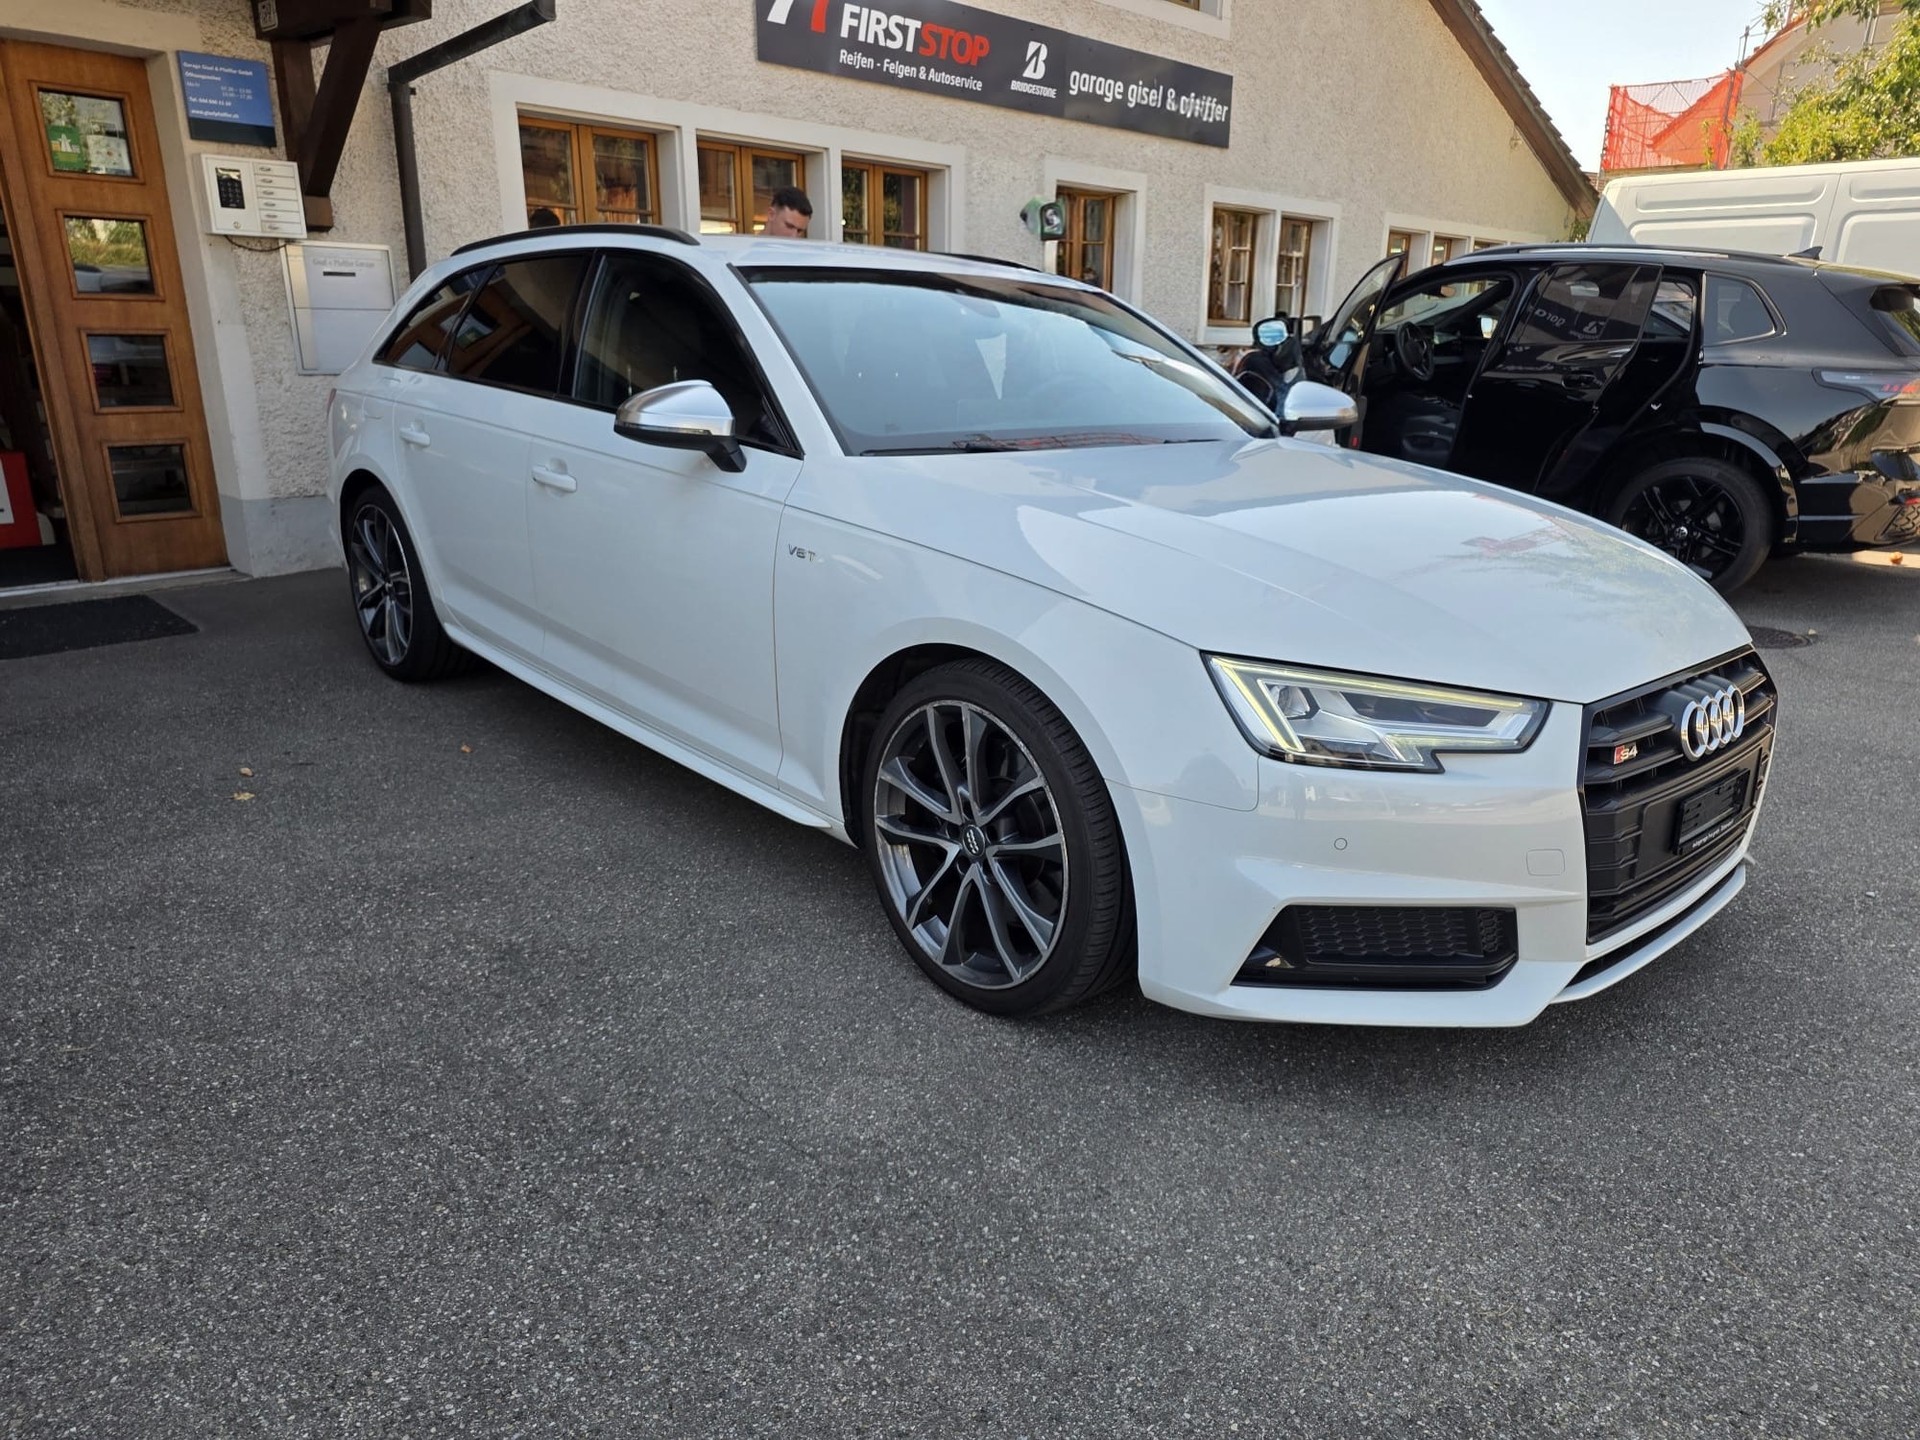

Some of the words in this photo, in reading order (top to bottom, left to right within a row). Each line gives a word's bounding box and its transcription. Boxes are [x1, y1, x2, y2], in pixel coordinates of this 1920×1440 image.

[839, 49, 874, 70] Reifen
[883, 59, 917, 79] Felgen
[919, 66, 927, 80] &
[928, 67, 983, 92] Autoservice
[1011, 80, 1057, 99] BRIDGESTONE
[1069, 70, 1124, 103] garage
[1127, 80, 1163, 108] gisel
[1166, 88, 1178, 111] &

# # # # #

| Action item |
From the first line to the last, retype the data above exactly, but not its images.

| Task output |
Some of the words in this photo, in reading order (top to bottom, left to right within a row). Each line gives a word's bounding box and its transcription. Boxes are [x1, y1, x2, y2], in pixel coordinates of this 1920×1440 image.

[839, 49, 874, 70] Reifen
[883, 59, 917, 79] Felgen
[919, 66, 927, 80] &
[928, 67, 983, 92] Autoservice
[1011, 80, 1057, 99] BRIDGESTONE
[1069, 70, 1124, 103] garage
[1127, 80, 1163, 108] gisel
[1166, 88, 1178, 111] &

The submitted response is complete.